BEGIN

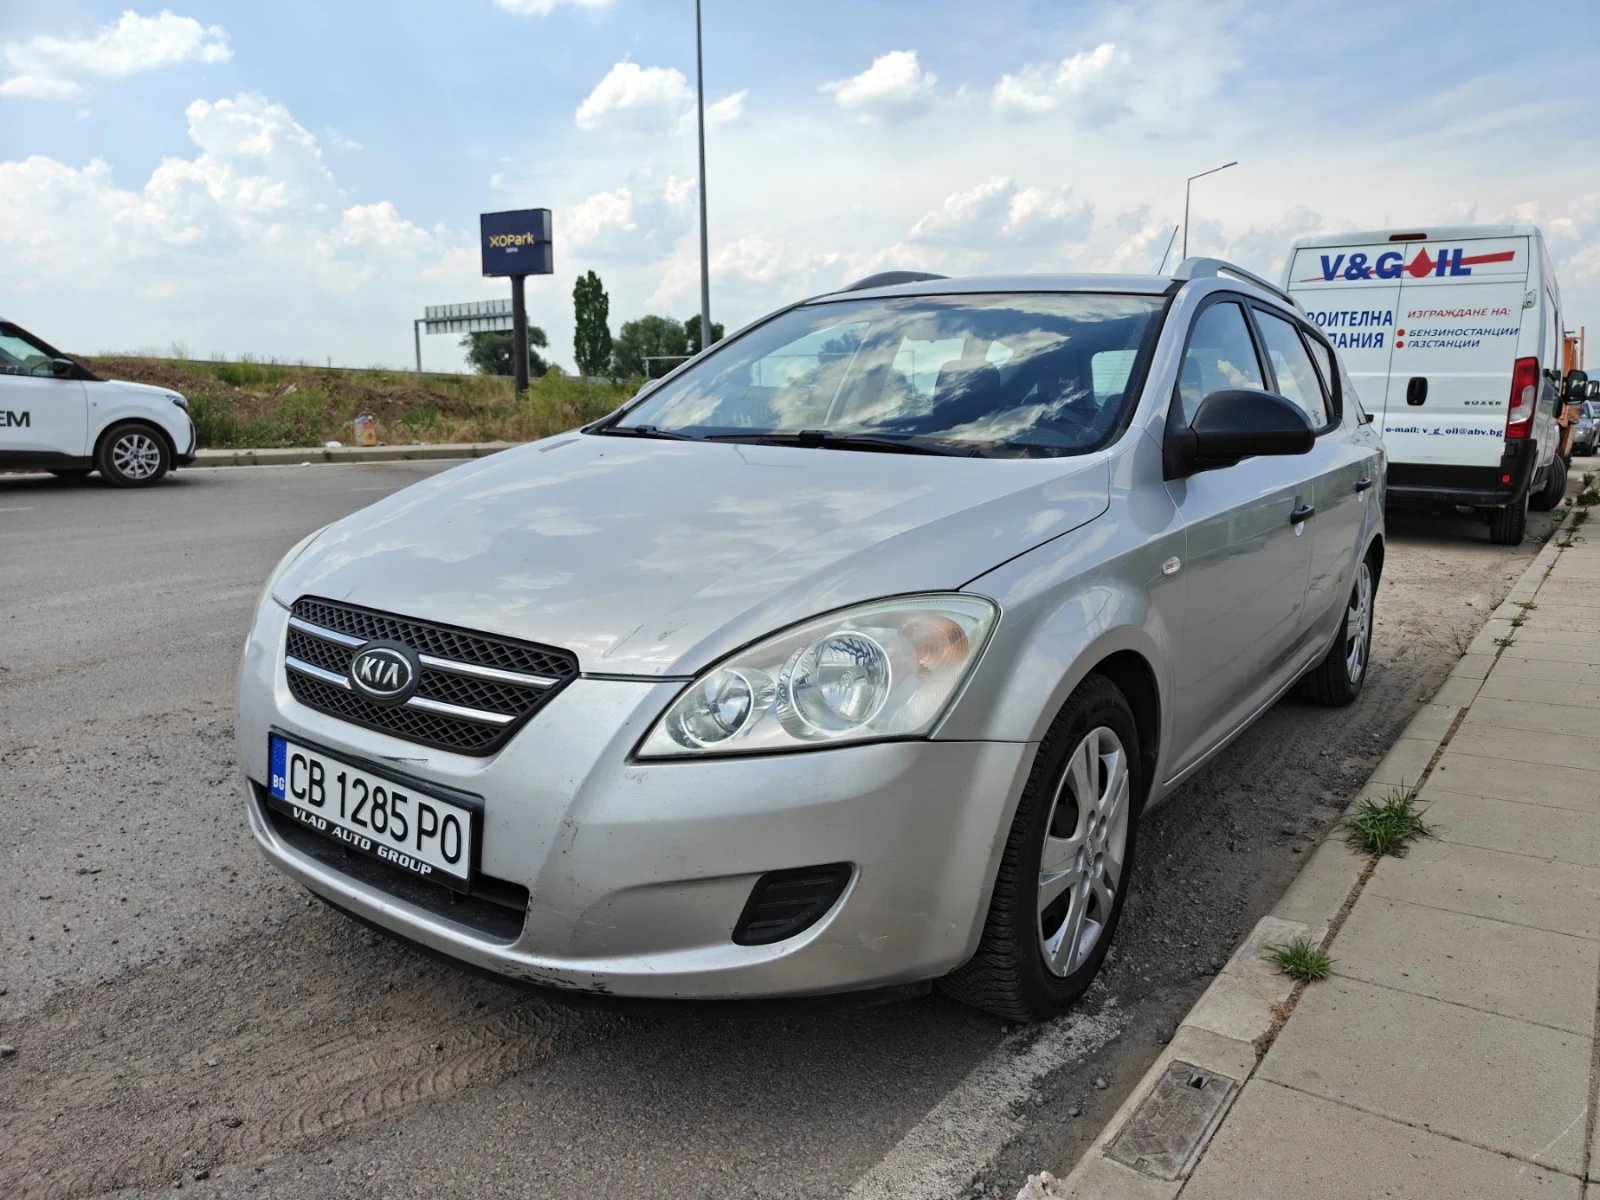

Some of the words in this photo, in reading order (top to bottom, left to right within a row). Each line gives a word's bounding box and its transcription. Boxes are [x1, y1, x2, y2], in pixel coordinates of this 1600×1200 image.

[489, 231, 535, 248] XOPark
[1407, 308, 1489, 319] ИЗГРАЖДАНЕ
[1490, 307, 1511, 317] НА:
[1408, 327, 1519, 337] БЕНЗИНОСТАНЦИИ
[1407, 339, 1481, 349] ГАЗСТАНЦИИ
[1385, 426, 1420, 434] e-mail:
[1421, 427, 1503, 437] v_g_oil@abv.bg
[360, 656, 399, 689] KIA
[272, 774, 285, 791] BG
[337, 771, 409, 843] 1285
[292, 807, 327, 831] VLAD
[332, 826, 371, 851] AUTO
[377, 846, 433, 875] GROUP
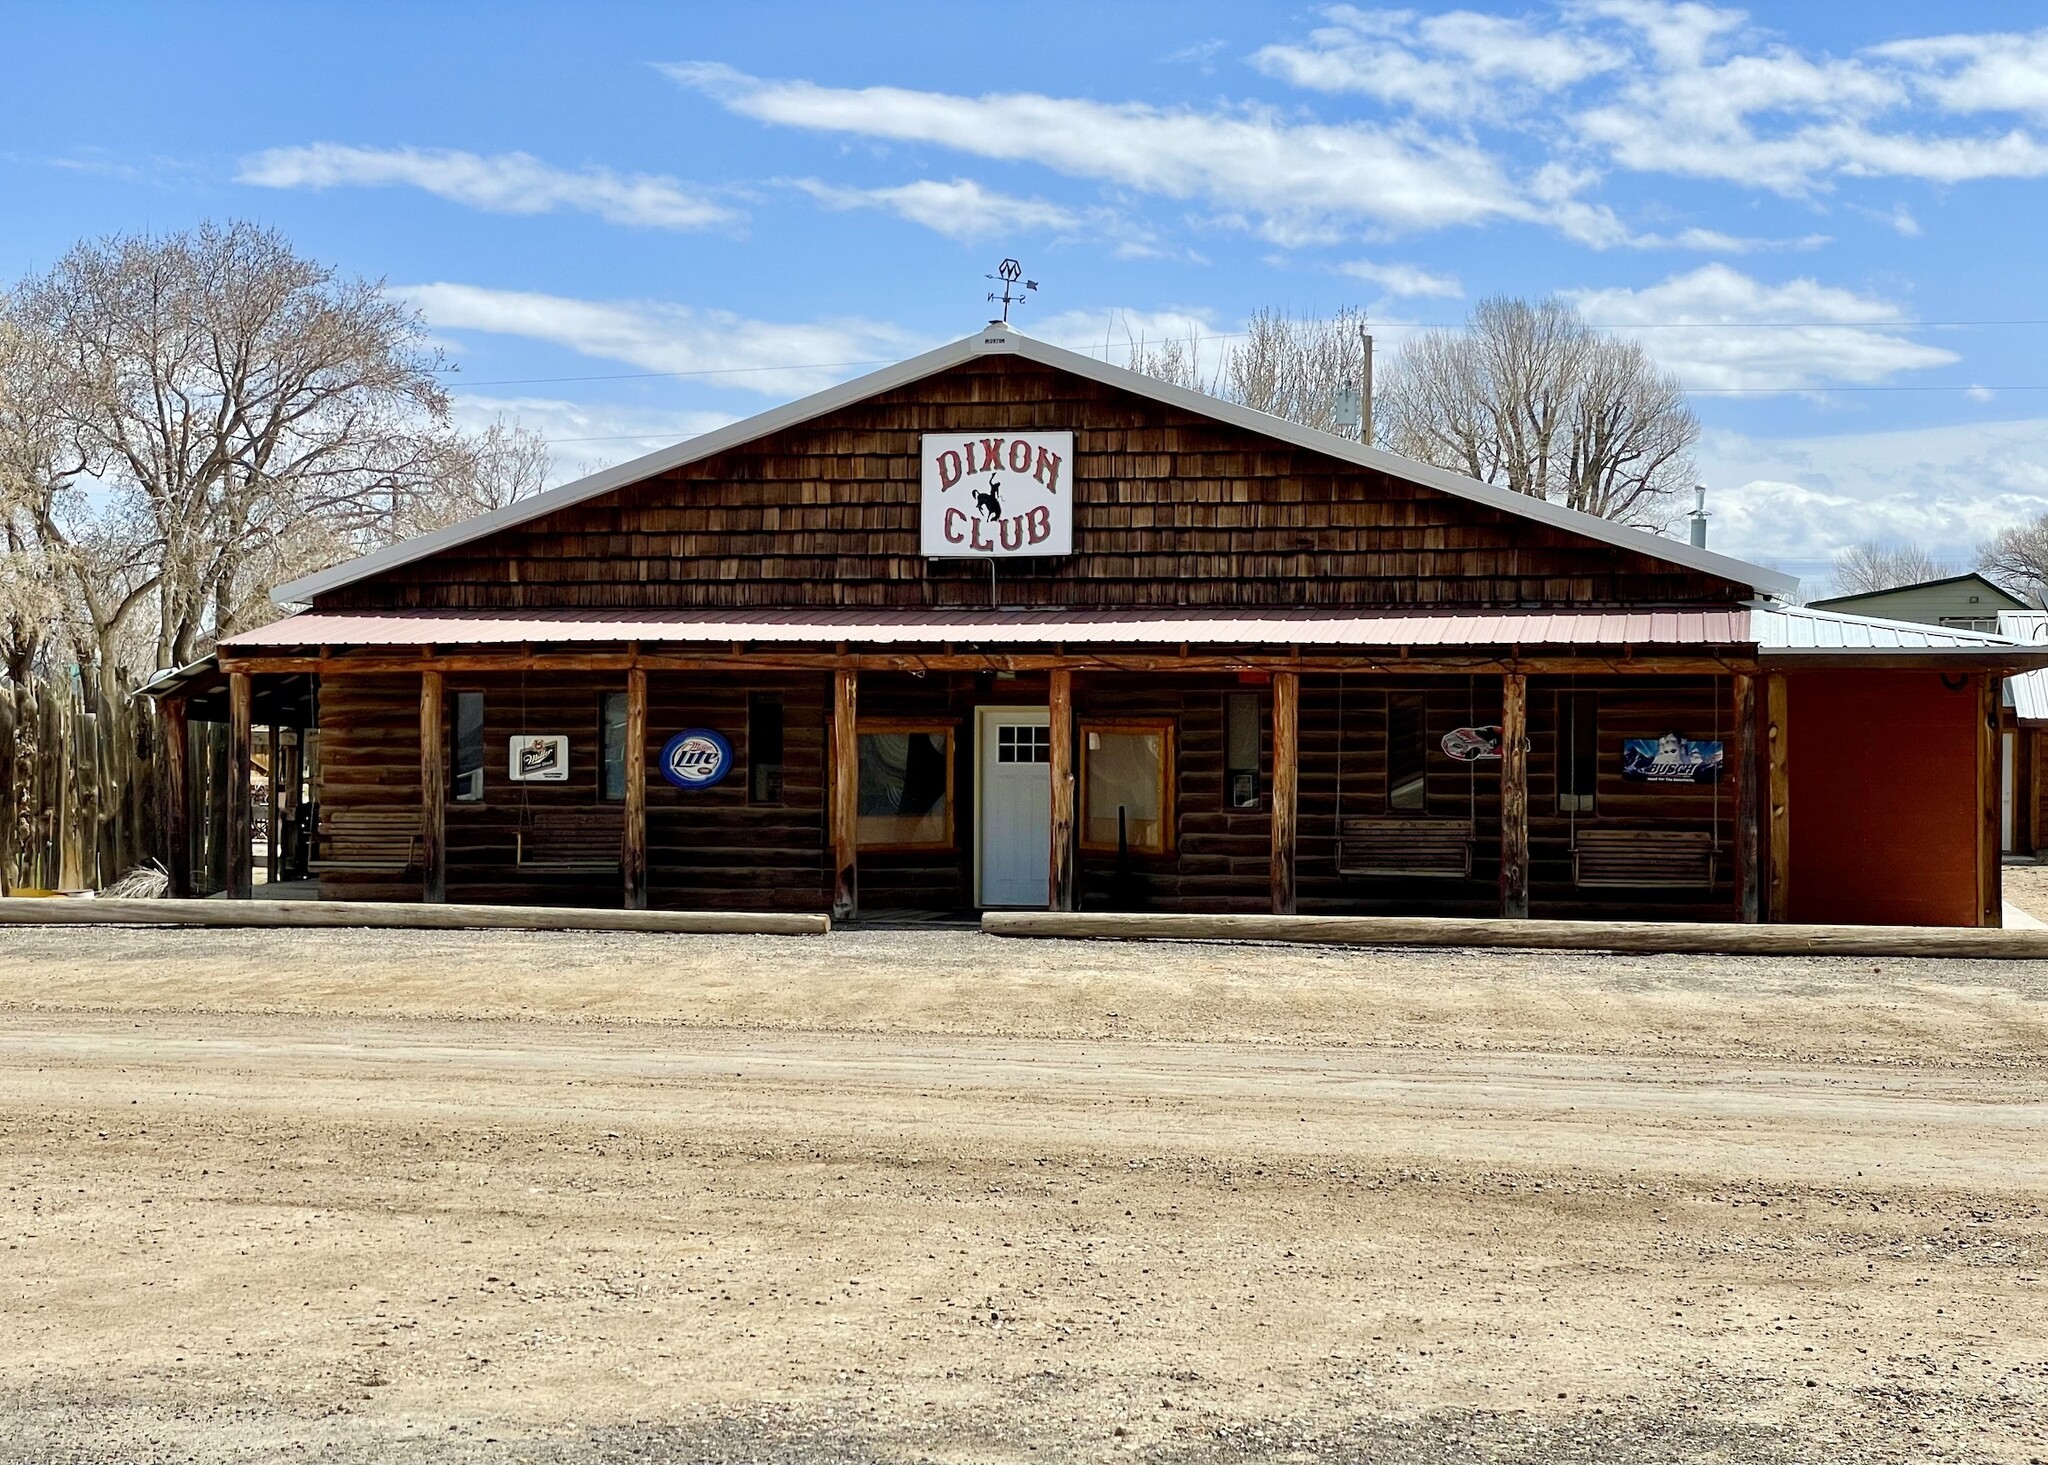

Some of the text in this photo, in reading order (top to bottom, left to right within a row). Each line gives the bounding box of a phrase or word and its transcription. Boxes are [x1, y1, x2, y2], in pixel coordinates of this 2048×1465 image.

[936, 438, 1062, 494] DIXON
[944, 505, 1051, 552] CLUB
[523, 749, 553, 765] Miller
[674, 750, 719, 767] Lite
[1648, 763, 1698, 775] BUSCH
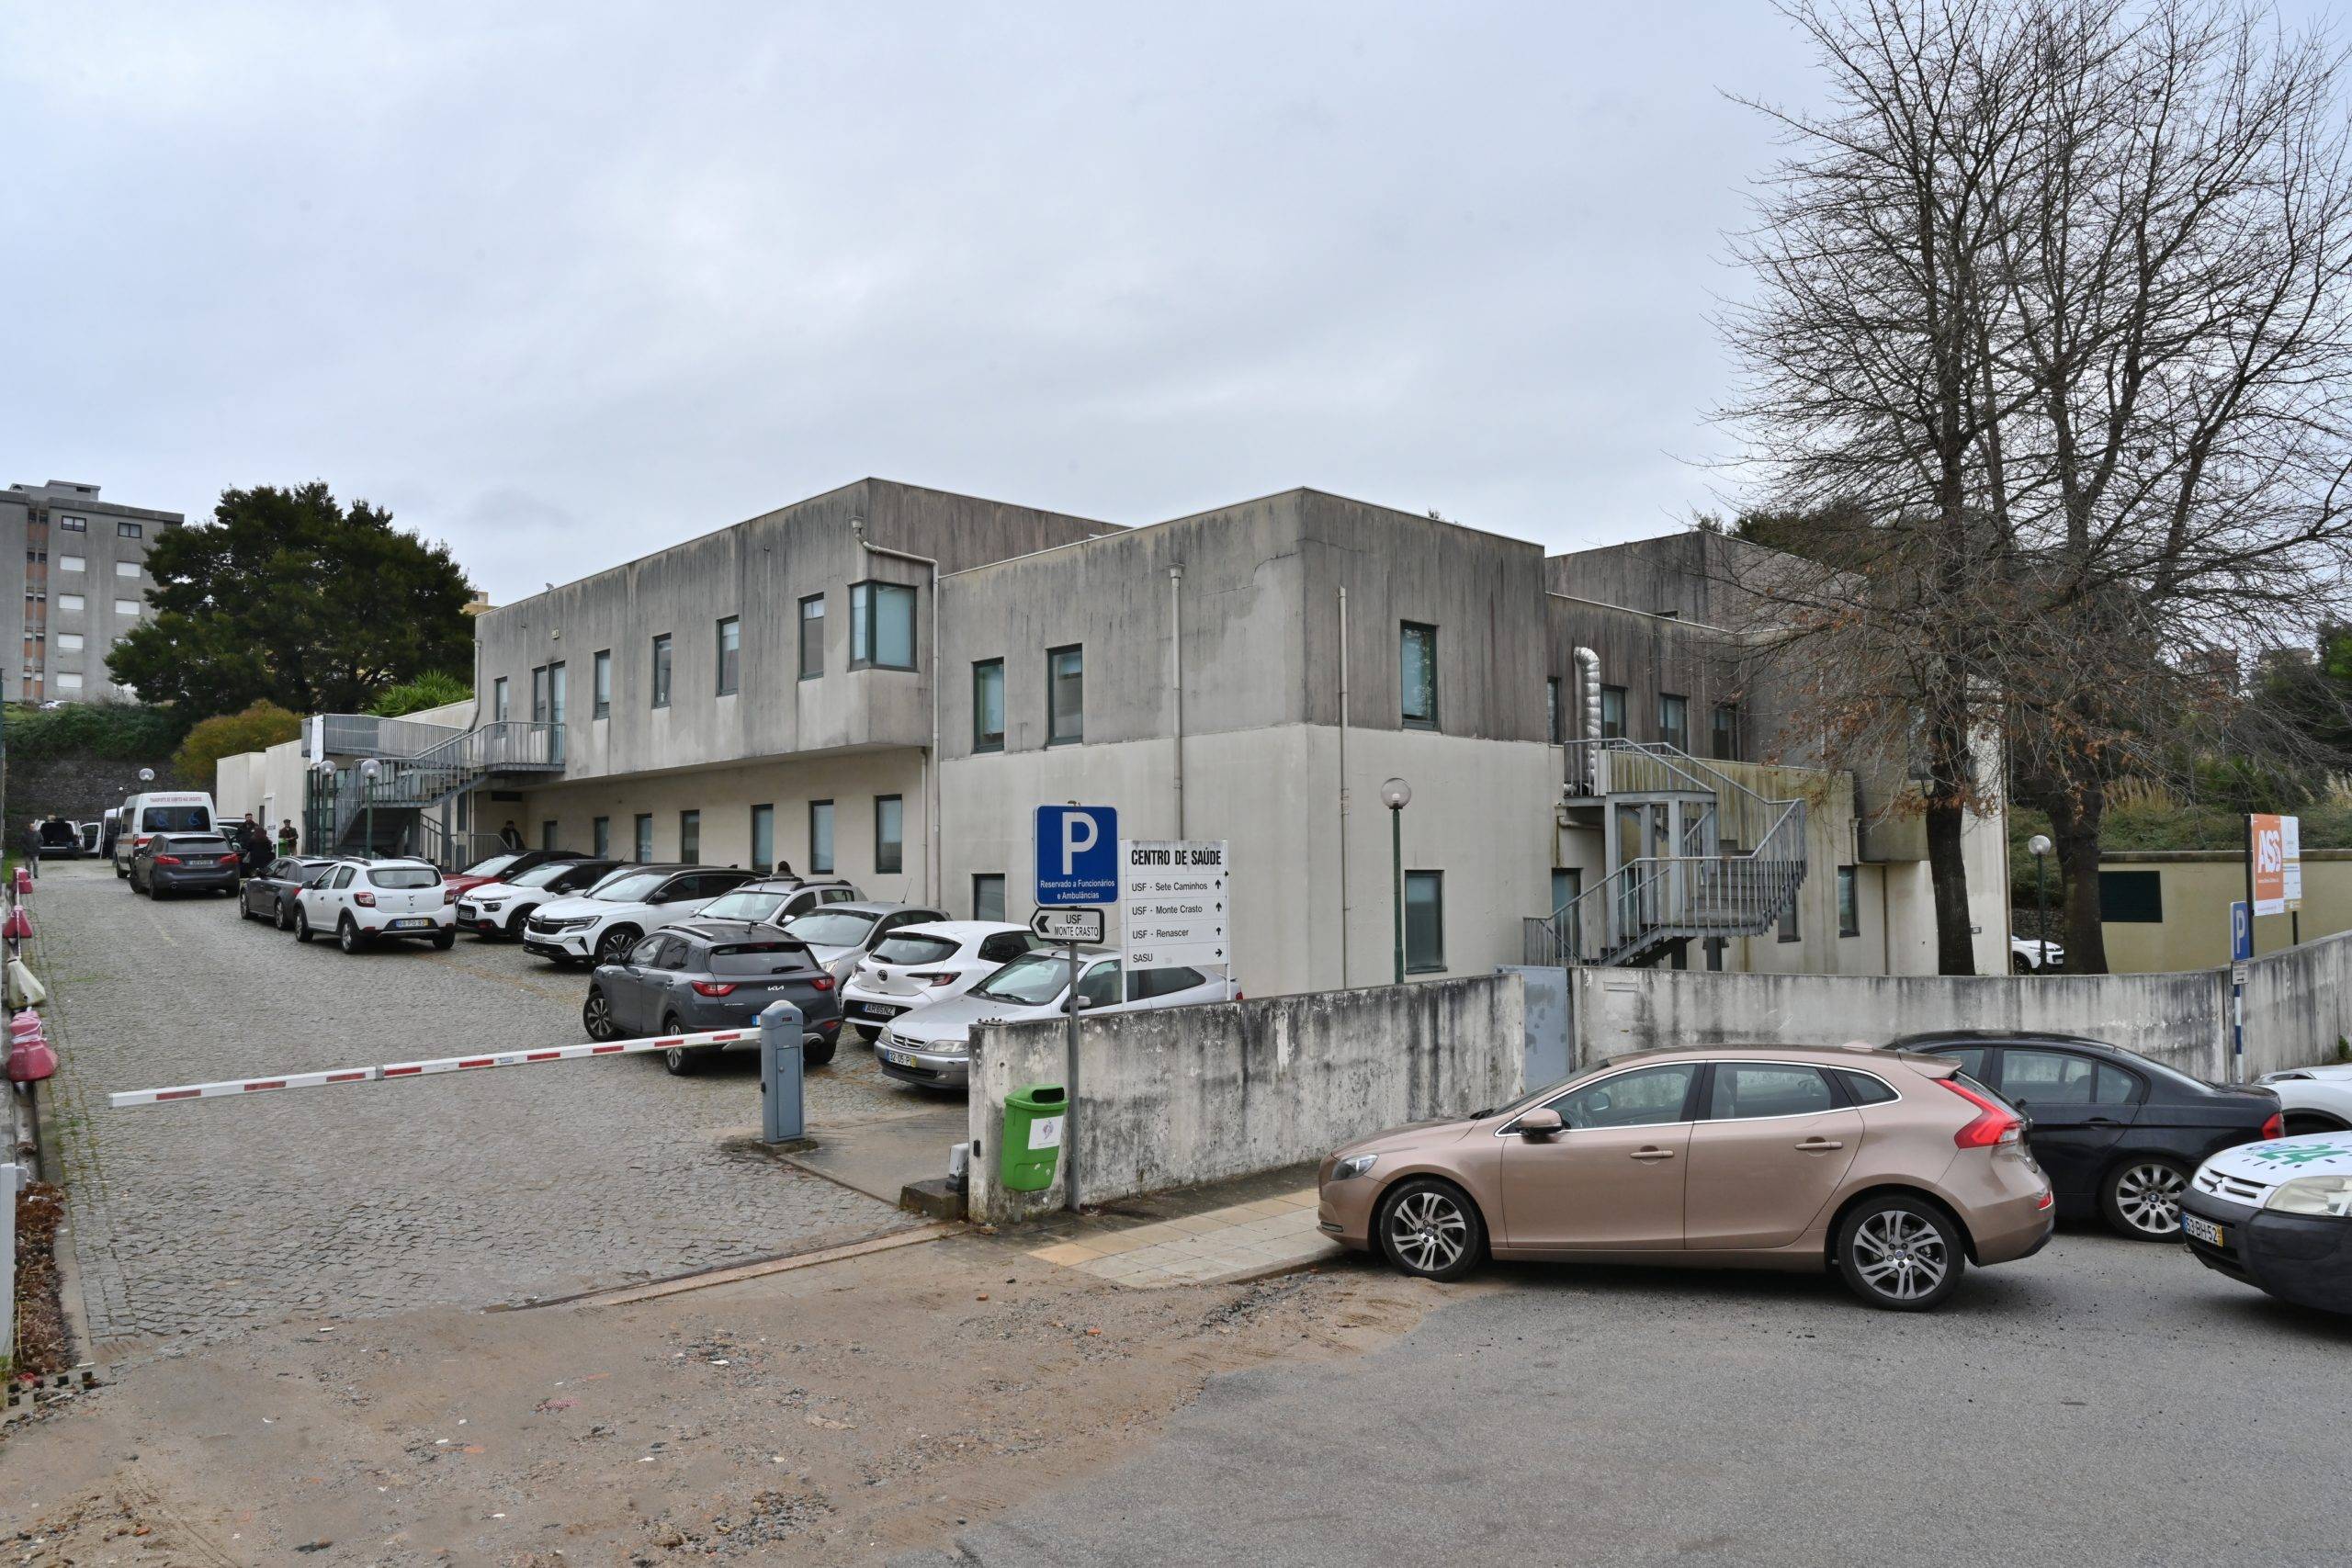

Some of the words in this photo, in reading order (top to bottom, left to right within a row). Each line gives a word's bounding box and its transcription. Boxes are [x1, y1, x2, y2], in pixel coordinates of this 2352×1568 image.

END

WHAT YOU WILL DO:
Reproduce every record above exactly, but leave out the pictures.

ANSWER SPACE:
Some of the words in this photo, in reading order (top to bottom, left to right within a row). Each line gives a word's bounding box and its transcription. Boxes are [x1, y1, x2, y2], in pixel coordinates of this 1600×1200 image.

[489, 231, 535, 248] XOPark
[1407, 308, 1489, 319] ИЗГРАЖДАНЕ
[1490, 307, 1511, 317] НА:
[1408, 327, 1519, 337] БЕНЗИНОСТАНЦИИ
[1407, 339, 1481, 349] ГАЗСТАНЦИИ
[1385, 426, 1420, 434] e-mail:
[1421, 427, 1503, 437] v_g_oil@abv.bg
[360, 656, 399, 689] KIA
[272, 774, 285, 791] BG
[337, 771, 409, 843] 1285
[292, 807, 327, 831] VLAD
[332, 826, 371, 851] AUTO
[377, 846, 433, 875] GROUP

Some of the text in this photo, in reading order (top to bottom, left to right within a row). Each line gives the bounding box of a phrase or word and its transcription. Boxes are [x1, y1, x2, y2], in pixel coordinates of this 2048×1465 image.

[936, 438, 1062, 494] DIXON
[944, 505, 1051, 552] CLUB
[523, 749, 553, 765] Miller
[674, 750, 719, 767] Lite
[1648, 763, 1698, 775] BUSCH

Some of the words in this photo, in reading order (top to bottom, left to right within a row). Each line gives a word's bounding box and its transcription. Boxes are [x1, y1, x2, y2], in pixel coordinates of this 2352×1568 image.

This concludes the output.